• **What the task requires**
With pictures removed, the data below should be returned exactly.

********

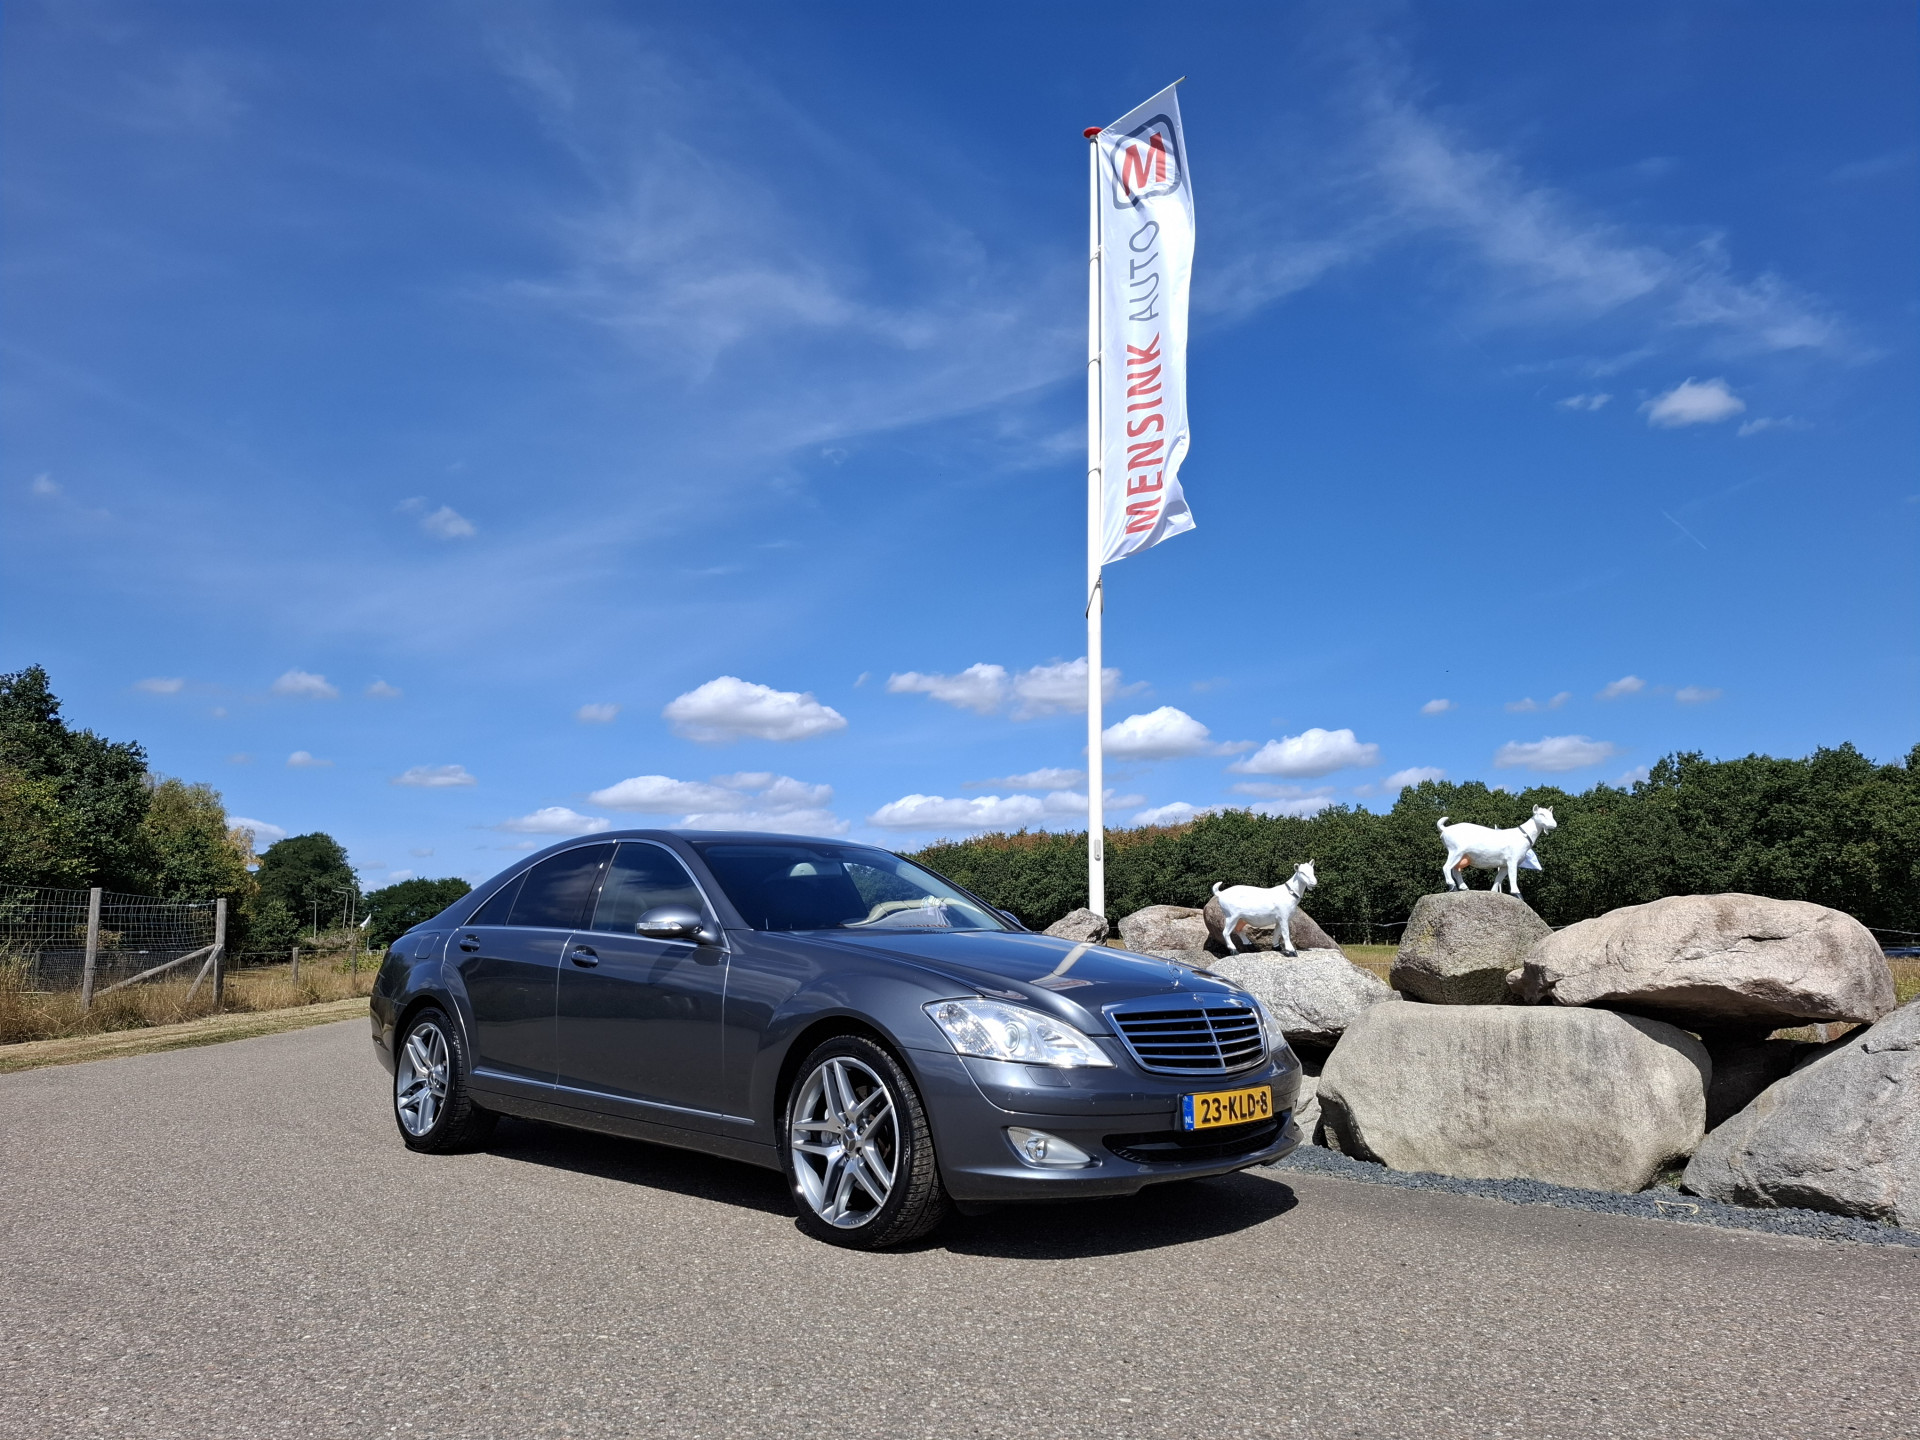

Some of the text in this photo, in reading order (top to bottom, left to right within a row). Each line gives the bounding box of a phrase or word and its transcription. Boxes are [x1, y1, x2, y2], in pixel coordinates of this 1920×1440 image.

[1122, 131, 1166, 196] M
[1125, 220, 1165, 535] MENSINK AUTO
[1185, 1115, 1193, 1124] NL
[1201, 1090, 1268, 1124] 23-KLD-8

********

• **Answer to this exercise**
Some of the text in this photo, in reading order (top to bottom, left to right within a row). Each line gives the bounding box of a phrase or word and its transcription. Boxes are [x1, y1, x2, y2], in pixel coordinates of this 1920×1440 image.

[1122, 131, 1166, 196] M
[1125, 220, 1165, 535] MENSINK AUTO
[1185, 1115, 1193, 1124] NL
[1201, 1090, 1268, 1124] 23-KLD-8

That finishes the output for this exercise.